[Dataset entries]
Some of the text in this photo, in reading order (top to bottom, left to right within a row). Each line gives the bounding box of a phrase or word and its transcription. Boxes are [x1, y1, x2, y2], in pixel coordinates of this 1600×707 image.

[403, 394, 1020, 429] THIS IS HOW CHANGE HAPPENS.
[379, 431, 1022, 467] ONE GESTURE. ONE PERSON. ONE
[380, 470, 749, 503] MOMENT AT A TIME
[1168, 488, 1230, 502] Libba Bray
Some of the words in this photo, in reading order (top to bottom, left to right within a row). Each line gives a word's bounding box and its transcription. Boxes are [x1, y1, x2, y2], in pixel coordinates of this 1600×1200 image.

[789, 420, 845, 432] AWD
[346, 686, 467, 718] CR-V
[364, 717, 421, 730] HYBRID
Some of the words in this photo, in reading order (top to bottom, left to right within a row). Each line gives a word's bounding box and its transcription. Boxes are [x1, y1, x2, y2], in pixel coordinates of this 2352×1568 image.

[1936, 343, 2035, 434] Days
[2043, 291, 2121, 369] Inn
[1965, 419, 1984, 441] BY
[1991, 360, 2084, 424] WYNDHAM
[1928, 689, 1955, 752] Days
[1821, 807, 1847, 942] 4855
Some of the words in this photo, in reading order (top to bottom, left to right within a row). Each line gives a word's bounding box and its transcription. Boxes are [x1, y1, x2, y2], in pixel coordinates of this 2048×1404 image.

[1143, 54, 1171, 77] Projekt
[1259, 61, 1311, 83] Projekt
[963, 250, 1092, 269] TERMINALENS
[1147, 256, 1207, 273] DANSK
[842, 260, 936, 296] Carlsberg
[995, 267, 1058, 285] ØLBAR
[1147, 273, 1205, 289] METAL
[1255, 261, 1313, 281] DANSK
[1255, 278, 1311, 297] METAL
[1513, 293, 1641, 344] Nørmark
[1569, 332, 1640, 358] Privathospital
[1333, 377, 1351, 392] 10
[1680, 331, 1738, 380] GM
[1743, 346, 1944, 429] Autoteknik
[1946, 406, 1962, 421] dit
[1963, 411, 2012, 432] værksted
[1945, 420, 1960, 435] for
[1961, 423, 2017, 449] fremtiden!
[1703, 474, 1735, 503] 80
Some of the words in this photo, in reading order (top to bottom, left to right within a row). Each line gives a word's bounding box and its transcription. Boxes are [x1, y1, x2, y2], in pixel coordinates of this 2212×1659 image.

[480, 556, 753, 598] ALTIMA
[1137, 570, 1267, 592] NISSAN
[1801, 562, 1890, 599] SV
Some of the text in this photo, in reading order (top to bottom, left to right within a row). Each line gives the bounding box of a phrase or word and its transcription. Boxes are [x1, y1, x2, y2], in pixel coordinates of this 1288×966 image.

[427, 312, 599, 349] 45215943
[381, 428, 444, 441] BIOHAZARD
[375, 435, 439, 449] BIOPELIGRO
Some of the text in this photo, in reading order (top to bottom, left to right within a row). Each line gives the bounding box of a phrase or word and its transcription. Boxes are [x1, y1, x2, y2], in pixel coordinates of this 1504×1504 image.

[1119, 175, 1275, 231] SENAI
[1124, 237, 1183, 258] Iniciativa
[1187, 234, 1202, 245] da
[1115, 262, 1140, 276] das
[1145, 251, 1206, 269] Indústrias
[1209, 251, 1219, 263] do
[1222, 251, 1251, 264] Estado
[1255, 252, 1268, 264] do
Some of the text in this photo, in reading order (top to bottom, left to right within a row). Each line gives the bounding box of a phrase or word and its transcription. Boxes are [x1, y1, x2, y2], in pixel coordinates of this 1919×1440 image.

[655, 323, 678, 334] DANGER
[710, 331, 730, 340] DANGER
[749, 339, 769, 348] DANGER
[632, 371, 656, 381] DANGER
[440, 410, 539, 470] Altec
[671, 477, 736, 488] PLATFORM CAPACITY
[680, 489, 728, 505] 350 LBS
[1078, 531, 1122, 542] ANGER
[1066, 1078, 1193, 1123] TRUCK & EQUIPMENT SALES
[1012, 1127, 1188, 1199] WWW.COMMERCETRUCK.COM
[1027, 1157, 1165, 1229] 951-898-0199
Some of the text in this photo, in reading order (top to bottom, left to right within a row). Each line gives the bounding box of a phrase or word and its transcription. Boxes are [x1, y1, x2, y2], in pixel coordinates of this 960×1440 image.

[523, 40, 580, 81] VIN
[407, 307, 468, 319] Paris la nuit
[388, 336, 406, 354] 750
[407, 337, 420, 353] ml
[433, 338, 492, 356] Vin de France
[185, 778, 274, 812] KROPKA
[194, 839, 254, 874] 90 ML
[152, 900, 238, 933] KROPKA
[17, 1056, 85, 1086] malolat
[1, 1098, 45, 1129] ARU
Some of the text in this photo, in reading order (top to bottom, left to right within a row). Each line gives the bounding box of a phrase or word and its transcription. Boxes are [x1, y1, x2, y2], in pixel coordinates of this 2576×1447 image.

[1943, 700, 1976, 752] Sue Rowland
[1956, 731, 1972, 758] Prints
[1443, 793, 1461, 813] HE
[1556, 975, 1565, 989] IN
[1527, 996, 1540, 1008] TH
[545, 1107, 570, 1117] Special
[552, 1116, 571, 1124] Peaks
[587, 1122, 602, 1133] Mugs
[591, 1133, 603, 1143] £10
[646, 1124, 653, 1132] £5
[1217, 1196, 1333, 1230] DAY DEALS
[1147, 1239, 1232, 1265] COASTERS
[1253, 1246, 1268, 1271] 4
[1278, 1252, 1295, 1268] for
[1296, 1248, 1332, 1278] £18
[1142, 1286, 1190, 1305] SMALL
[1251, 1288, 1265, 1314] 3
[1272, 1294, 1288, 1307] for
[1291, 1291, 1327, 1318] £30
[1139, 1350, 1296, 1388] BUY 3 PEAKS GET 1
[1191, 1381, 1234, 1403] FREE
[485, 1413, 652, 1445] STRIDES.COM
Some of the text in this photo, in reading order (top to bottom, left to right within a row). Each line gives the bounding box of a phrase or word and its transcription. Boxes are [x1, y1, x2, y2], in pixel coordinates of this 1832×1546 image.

**DESCRIPTION OF THE TASK**:
Reproduce each entry above without a single difference.

**TASK RESPONSE**:
Some of the text in this photo, in reading order (top to bottom, left to right within a row). Each line gives the bounding box of a phrase or word and its transcription. Boxes are [x1, y1, x2, y2], in pixel coordinates of this 1600×707 image.

[403, 394, 1020, 429] THIS IS HOW CHANGE HAPPENS.
[379, 431, 1022, 467] ONE GESTURE. ONE PERSON. ONE
[380, 470, 749, 503] MOMENT AT A TIME
[1168, 488, 1230, 502] Libba Bray
Some of the words in this photo, in reading order (top to bottom, left to right within a row). Each line gives a word's bounding box and its transcription. Boxes are [x1, y1, x2, y2], in pixel coordinates of this 1600×1200 image.

[789, 420, 845, 432] AWD
[346, 686, 467, 718] CR-V
[364, 717, 421, 730] HYBRID
Some of the words in this photo, in reading order (top to bottom, left to right within a row). Each line gives a word's bounding box and its transcription. Boxes are [x1, y1, x2, y2], in pixel coordinates of this 2352×1568 image.

[1936, 343, 2035, 434] Days
[2043, 291, 2121, 369] Inn
[1965, 419, 1984, 441] BY
[1991, 360, 2084, 424] WYNDHAM
[1928, 689, 1955, 752] Days
[1821, 807, 1847, 942] 4855
Some of the words in this photo, in reading order (top to bottom, left to right within a row). Each line gives a word's bounding box and its transcription. Boxes are [x1, y1, x2, y2], in pixel coordinates of this 2048×1404 image.

[1143, 54, 1171, 77] Projekt
[1259, 61, 1311, 83] Projekt
[963, 250, 1092, 269] TERMINALENS
[1147, 256, 1207, 273] DANSK
[842, 260, 936, 296] Carlsberg
[995, 267, 1058, 285] ØLBAR
[1147, 273, 1205, 289] METAL
[1255, 261, 1313, 281] DANSK
[1255, 278, 1311, 297] METAL
[1513, 293, 1641, 344] Nørmark
[1569, 332, 1640, 358] Privathospital
[1333, 377, 1351, 392] 10
[1680, 331, 1738, 380] GM
[1743, 346, 1944, 429] Autoteknik
[1946, 406, 1962, 421] dit
[1963, 411, 2012, 432] værksted
[1945, 420, 1960, 435] for
[1961, 423, 2017, 449] fremtiden!
[1703, 474, 1735, 503] 80
Some of the words in this photo, in reading order (top to bottom, left to right within a row). Each line gives a word's bounding box and its transcription. Boxes are [x1, y1, x2, y2], in pixel coordinates of this 2212×1659 image.

[480, 556, 753, 598] ALTIMA
[1137, 570, 1267, 592] NISSAN
[1801, 562, 1890, 599] SV
Some of the text in this photo, in reading order (top to bottom, left to right within a row). Each line gives the bounding box of a phrase or word and its transcription. Boxes are [x1, y1, x2, y2], in pixel coordinates of this 1288×966 image.

[427, 312, 599, 349] 45215943
[381, 428, 444, 441] BIOHAZARD
[375, 435, 439, 449] BIOPELIGRO
Some of the text in this photo, in reading order (top to bottom, left to right within a row). Each line gives the bounding box of a phrase or word and its transcription. Boxes are [x1, y1, x2, y2], in pixel coordinates of this 1504×1504 image.

[1119, 175, 1275, 231] SENAI
[1124, 237, 1183, 258] Iniciativa
[1187, 234, 1202, 245] da
[1115, 262, 1140, 276] das
[1145, 251, 1206, 269] Indústrias
[1209, 251, 1219, 263] do
[1222, 251, 1251, 264] Estado
[1255, 252, 1268, 264] do
Some of the text in this photo, in reading order (top to bottom, left to right within a row). Each line gives the bounding box of a phrase or word and its transcription. Boxes are [x1, y1, x2, y2], in pixel coordinates of this 1919×1440 image.

[655, 323, 678, 334] DANGER
[710, 331, 730, 340] DANGER
[749, 339, 769, 348] DANGER
[632, 371, 656, 381] DANGER
[440, 410, 539, 470] Altec
[671, 477, 736, 488] PLATFORM CAPACITY
[680, 489, 728, 505] 350 LBS
[1078, 531, 1122, 542] ANGER
[1066, 1078, 1193, 1123] TRUCK & EQUIPMENT SALES
[1012, 1127, 1188, 1199] WWW.COMMERCETRUCK.COM
[1027, 1157, 1165, 1229] 951-898-0199
Some of the text in this photo, in reading order (top to bottom, left to right within a row). Each line gives the bounding box of a phrase or word and its transcription. Boxes are [x1, y1, x2, y2], in pixel coordinates of this 960×1440 image.

[523, 40, 580, 81] VIN
[407, 307, 468, 319] Paris la nuit
[388, 336, 406, 354] 750
[407, 337, 420, 353] ml
[433, 338, 492, 356] Vin de France
[185, 778, 274, 812] KROPKA
[194, 839, 254, 874] 90 ML
[152, 900, 238, 933] KROPKA
[17, 1056, 85, 1086] malolat
[1, 1098, 45, 1129] ARU
Some of the text in this photo, in reading order (top to bottom, left to right within a row). Each line gives the bounding box of a phrase or word and its transcription. Boxes are [x1, y1, x2, y2], in pixel coordinates of this 2576×1447 image.

[1943, 700, 1976, 752] Sue Rowland
[1956, 731, 1972, 758] Prints
[1443, 793, 1461, 813] HE
[1556, 975, 1565, 989] IN
[1527, 996, 1540, 1008] TH
[545, 1107, 570, 1117] Special
[552, 1116, 571, 1124] Peaks
[587, 1122, 602, 1133] Mugs
[591, 1133, 603, 1143] £10
[646, 1124, 653, 1132] £5
[1217, 1196, 1333, 1230] DAY DEALS
[1147, 1239, 1232, 1265] COASTERS
[1253, 1246, 1268, 1271] 4
[1278, 1252, 1295, 1268] for
[1296, 1248, 1332, 1278] £18
[1142, 1286, 1190, 1305] SMALL
[1251, 1288, 1265, 1314] 3
[1272, 1294, 1288, 1307] for
[1291, 1291, 1327, 1318] £30
[1139, 1350, 1296, 1388] BUY 3 PEAKS GET 1
[1191, 1381, 1234, 1403] FREE
[485, 1413, 652, 1445] STRIDES.COM
Some of the text in this photo, in reading order (top to bottom, left to right within a row). Each line gives the bounding box of a phrase or word and its transcription. Boxes are [x1, y1, x2, y2], in pixel coordinates of this 1832×1546 image.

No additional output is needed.